Universidade do Vale do Rio dos Sinos

Departamento

Escola Politécnica

Programa

Programa de Pós-Graduação em Engenharia de Produção e Sistemas

Agência de fomento

CAPES - Coordenação de Aperfeiçoamento de Pessoal de Nível Superior
CNPQ – Conselho Nacional de Desenvolvimento Científico e Tecnológico
Resumo

Apesar da reconhecida expertise do Brasil no campo da produção de etanol, o Rio Grande do Sul, localizado na região sul do país, produz menos de 1% de sua demanda interna atual, realidade que obriga o Estado a importar etanol de outros estados, comprometendo assim recursos que poderiam geram riqueza e investimentos na economia local. Soma-se a isso o interesse do Governo Estadual em desenvolver esta cadeia até 2016. Apesar deste cenário favorável, a cadeia regional de etanol não demonstra crescimento mantendo-se em uma condição embrionária.
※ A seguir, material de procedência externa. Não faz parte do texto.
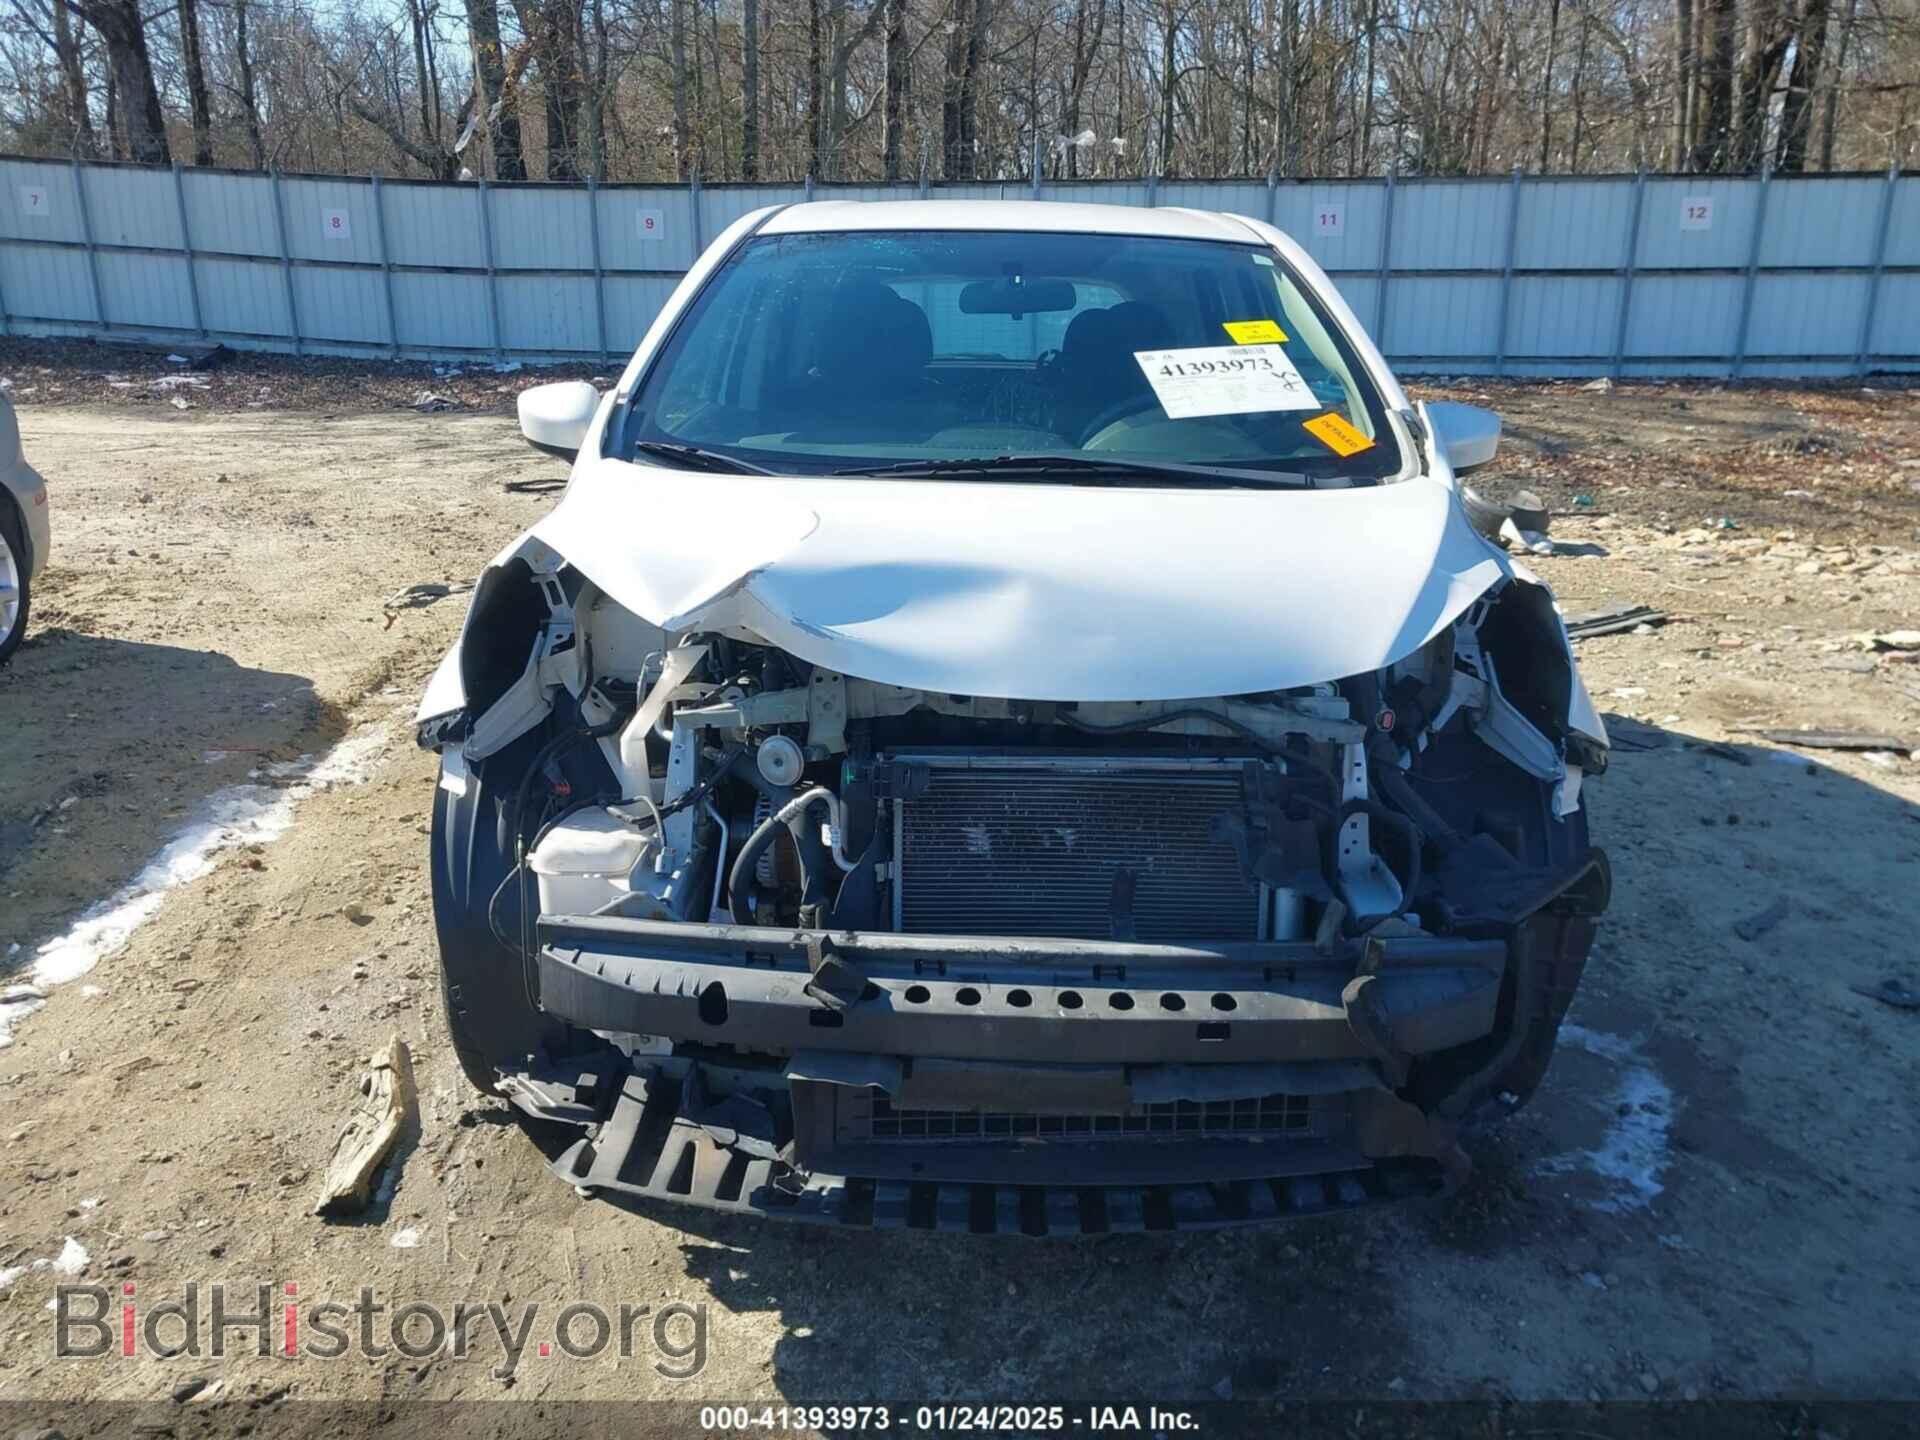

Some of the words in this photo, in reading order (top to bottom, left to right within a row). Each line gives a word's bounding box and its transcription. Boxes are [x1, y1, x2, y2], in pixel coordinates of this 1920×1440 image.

O modelo de produção de etanol do Rio Grande do sul, diferentemente do modelo de agronegócio aplicado nos demais estados brasileiros, é baseada no modelo cooperativo em pequenas propriedades de agricultura familiar. O estudo de uma cadeia de produção deste importante biocombustível aplicado ao um modelo de produção baseada em unidades de produção multicultivares e com mão de obra familiar produção, oferece uma oportunidade única para geração de conhecimento sobre esse modelo que pode ser aplicada a outros regiões e países que apresentem esta particularidade. O presente trabalho propõe-se contribuir para esta discussão desenvolvendo o entendimento das inter-relações dos atores dentro desta estrutura complexa, através de um estudo de dinâmica de sistemas conforme proposto por Sterman (2000) com vistas à prospecção de cenários proposto por Van Der Heijden (2004). O estudo utilizou a combinação de pesquisa bibliográfica para coleta de dados qualitativos e quantitativos, obtidos através de referenciais bibliográficos e documentais, e de dois ciclos de entrevistas. A partir dos modelos mentais identificados nas entrevistas, utilizaram-se os conceitos de Sterman (2000), para construção do modelo sistêmico da cadeia. O trabalho, então convergiu para o estudo de cenários onde o modelo sistêmico serviu de base para simular a influencia das forças motrizes contextuais, identificando impactos ao longo da cadeia. O produto final deste trabalho é a análise do comportamento da cadeia frente aos possíveis cenários e, adicionalmente, a proposição de ações no sentido de preparar a cadeia de etanol do estado para minimizar os efeitos de possíveis eventos que podem ser previsto.